**Problem details:**
In this exercise, write out the data word for word and leave every image out.

● ● ● ● ● ● ●

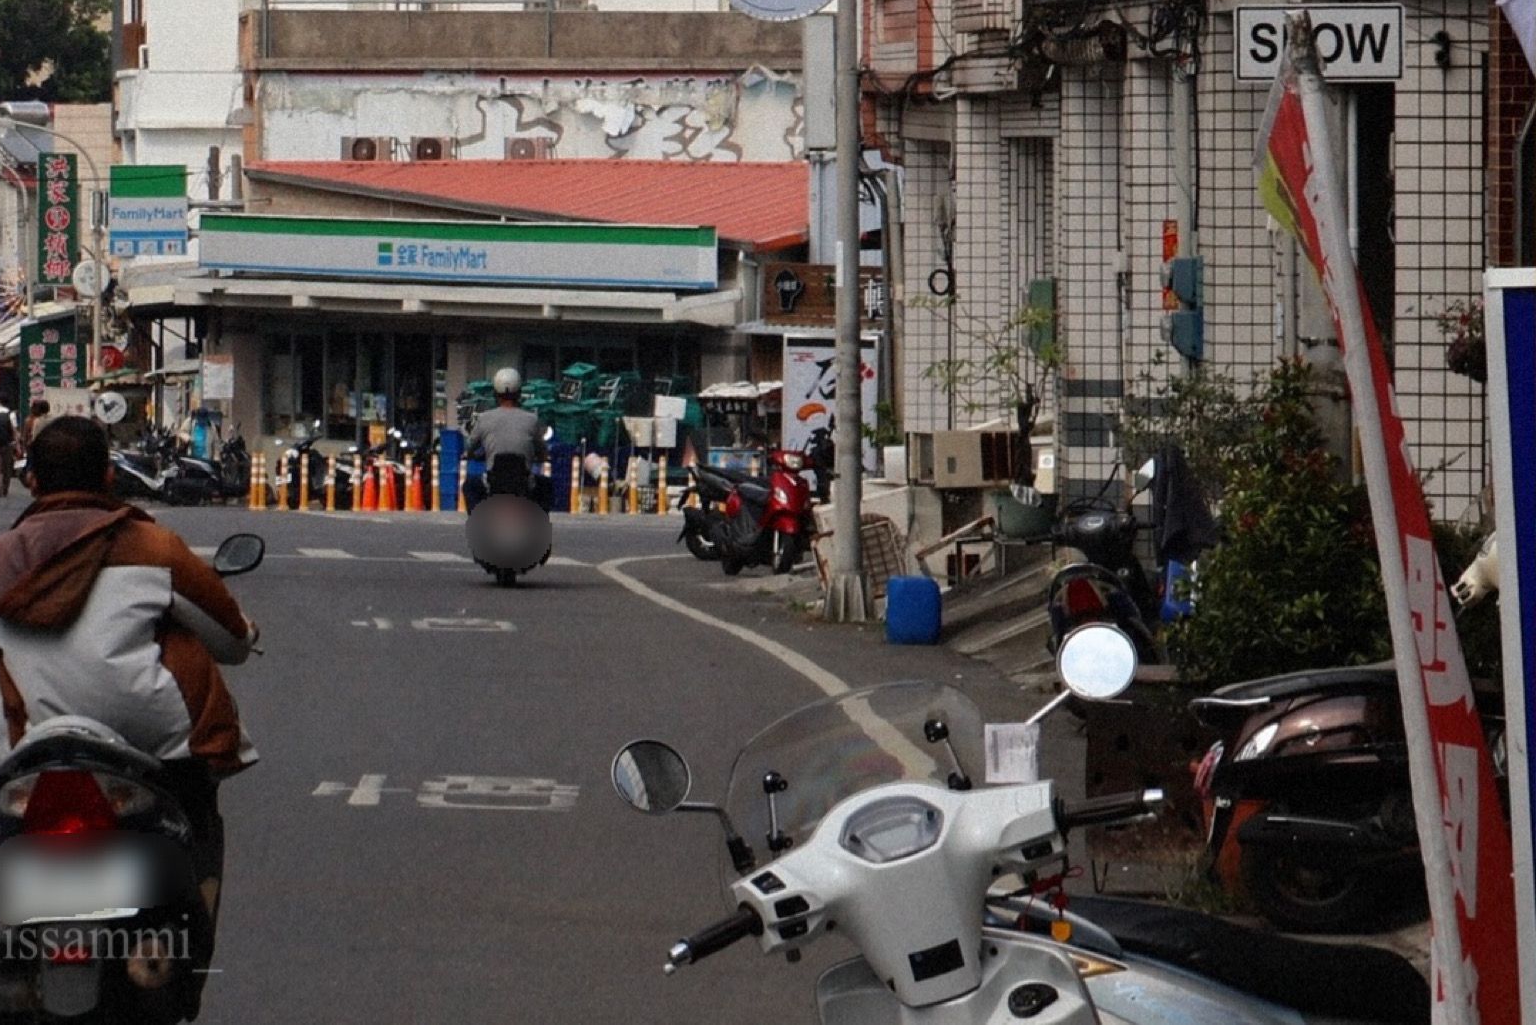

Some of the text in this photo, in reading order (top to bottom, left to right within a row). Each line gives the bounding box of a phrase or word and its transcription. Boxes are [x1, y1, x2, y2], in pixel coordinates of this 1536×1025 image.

[1249, 22, 1391, 65] SOW
[111, 207, 185, 223] FamilyMart
[396, 244, 487, 272] 全家 FamilyMart
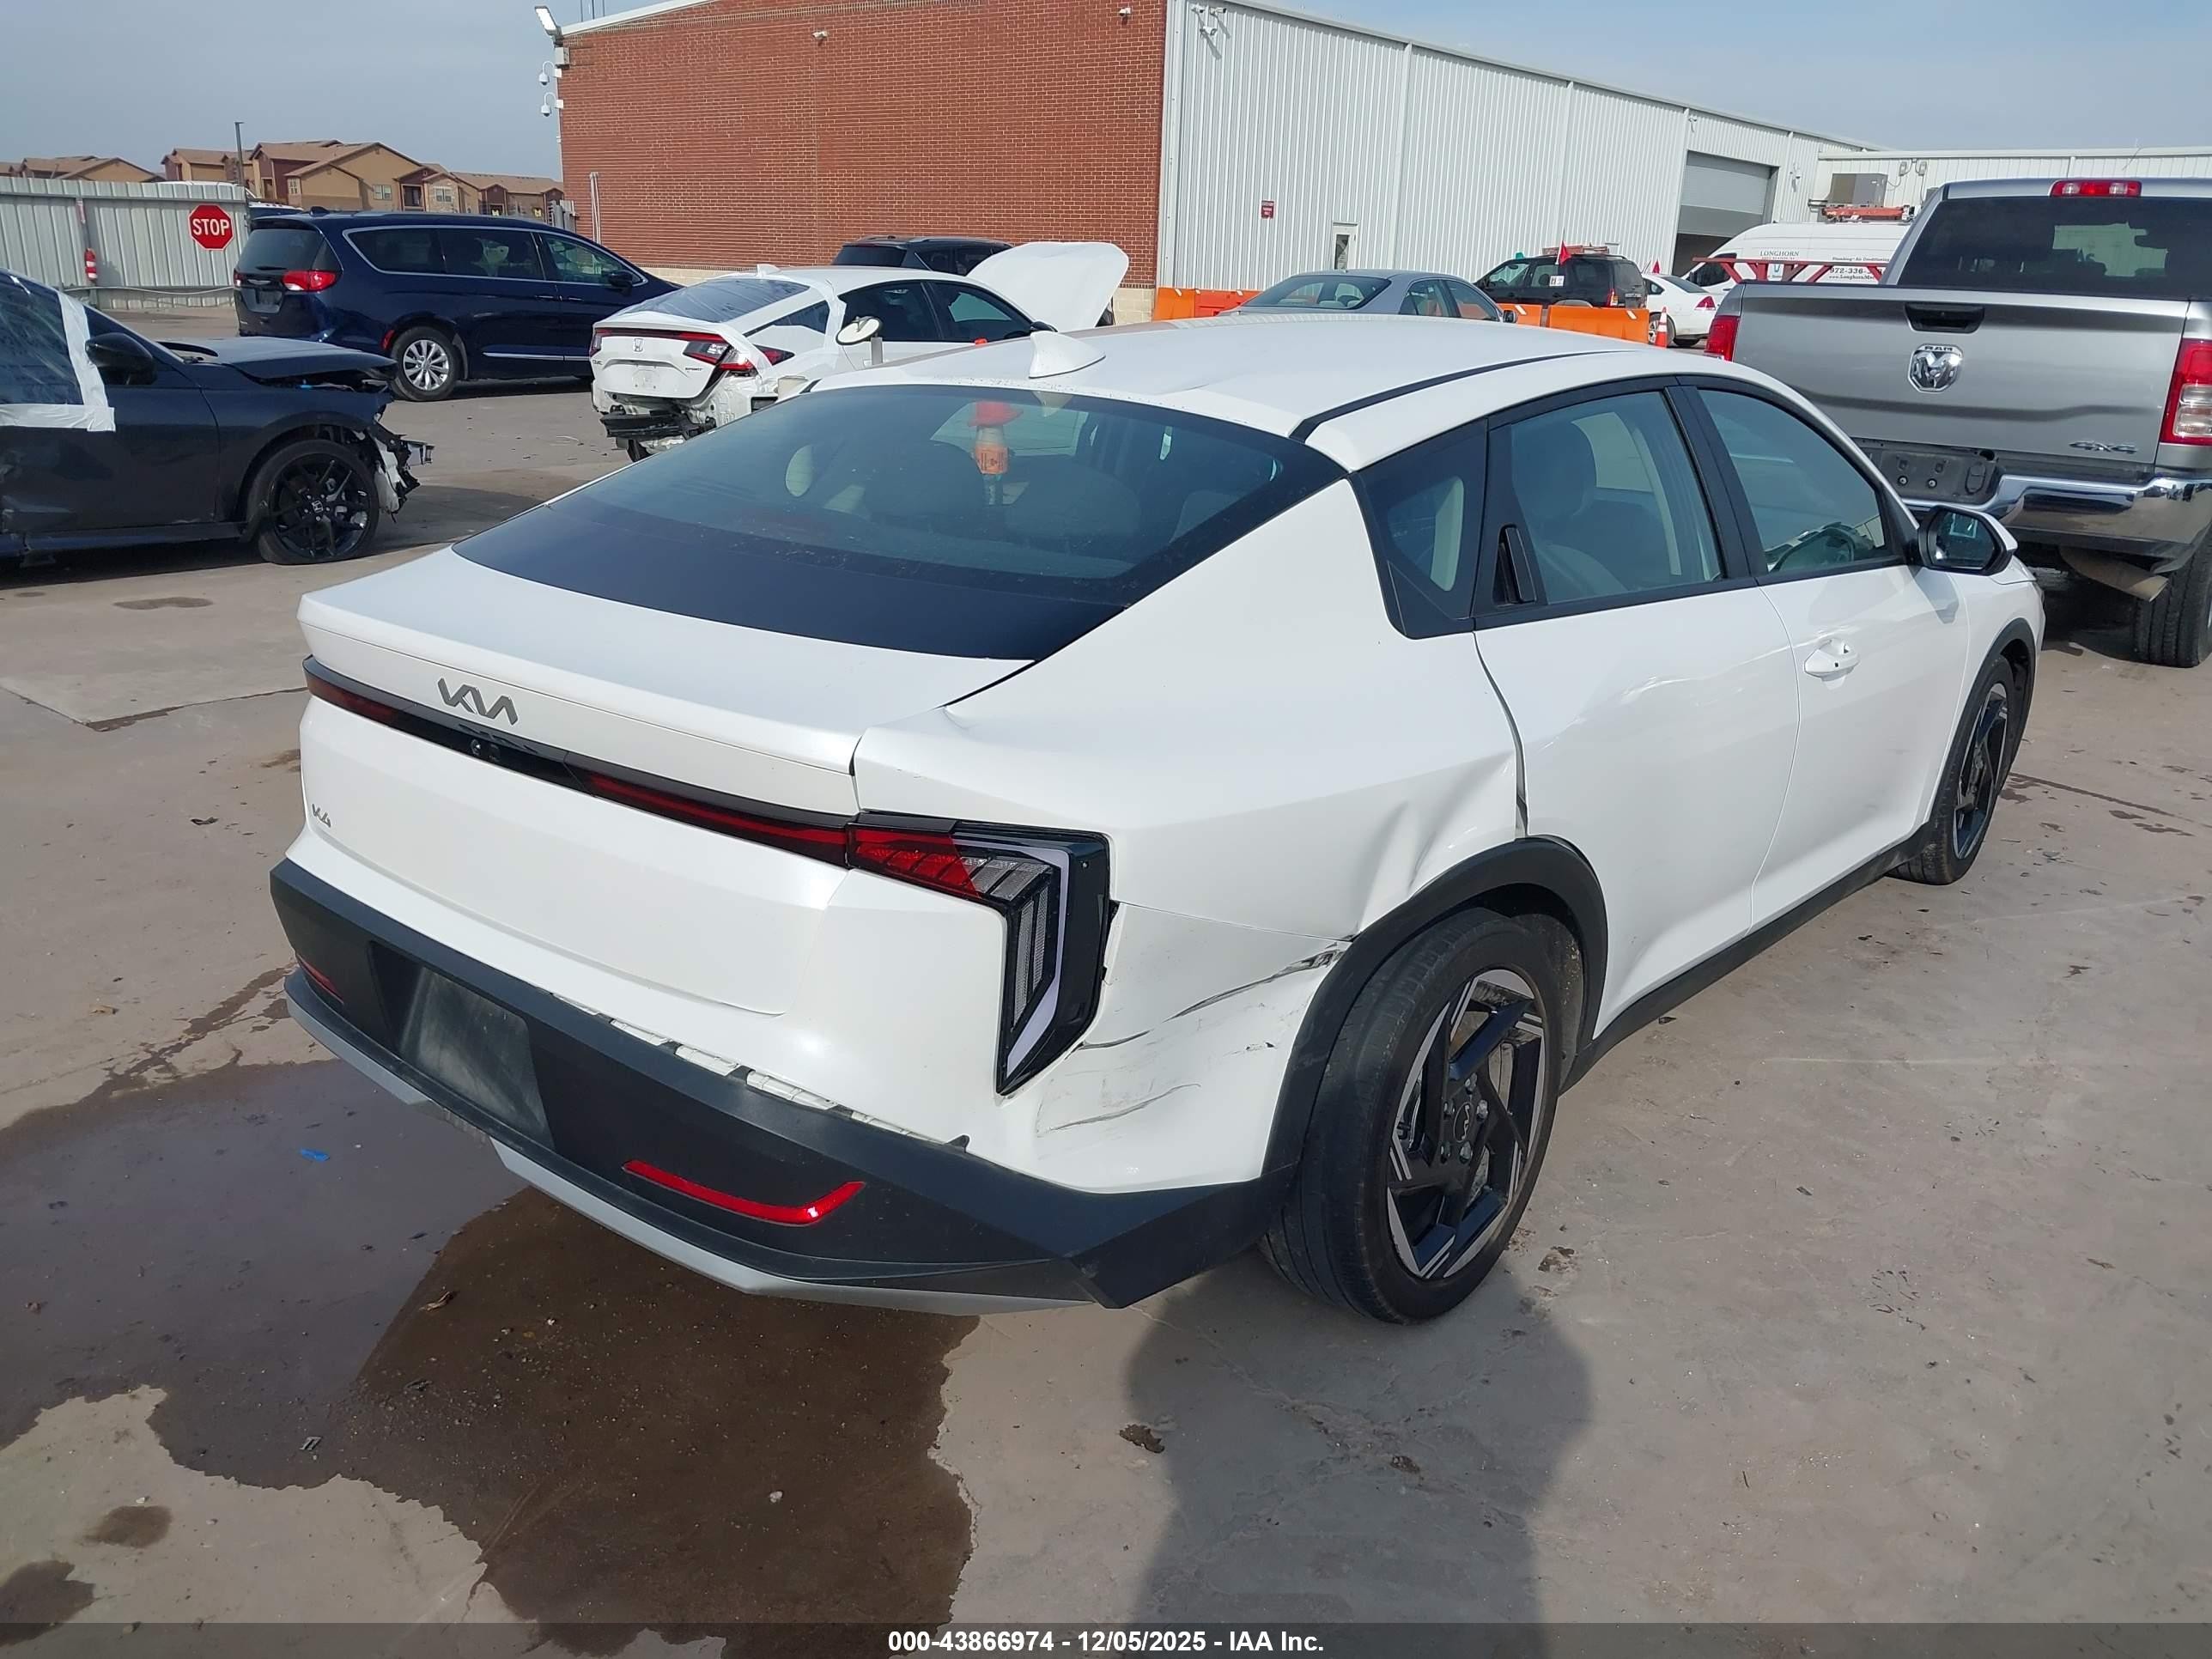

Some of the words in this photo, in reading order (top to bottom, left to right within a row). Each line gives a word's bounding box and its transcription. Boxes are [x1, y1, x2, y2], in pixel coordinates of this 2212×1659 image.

[192, 218, 229, 236] STOP
[437, 678, 519, 726] KIA
[312, 803, 331, 829] K4

● ● ● ● ● ● ●

**Task answer:**
Some of the text in this photo, in reading order (top to bottom, left to right within a row). Each line gives the bounding box of a phrase or word and its transcription. Boxes are [x1, y1, x2, y2], in pixel coordinates of this 1536×1025 image.

[1249, 22, 1391, 65] SOW
[111, 207, 185, 223] FamilyMart
[396, 244, 487, 272] 全家 FamilyMart

Some of the words in this photo, in reading order (top to bottom, left to right within a row). Each line gives a word's bounding box and its transcription. Boxes are [x1, y1, x2, y2], in pixel coordinates of this 2212×1659 image.

[192, 218, 229, 236] STOP
[437, 678, 519, 726] KIA
[312, 803, 331, 829] K4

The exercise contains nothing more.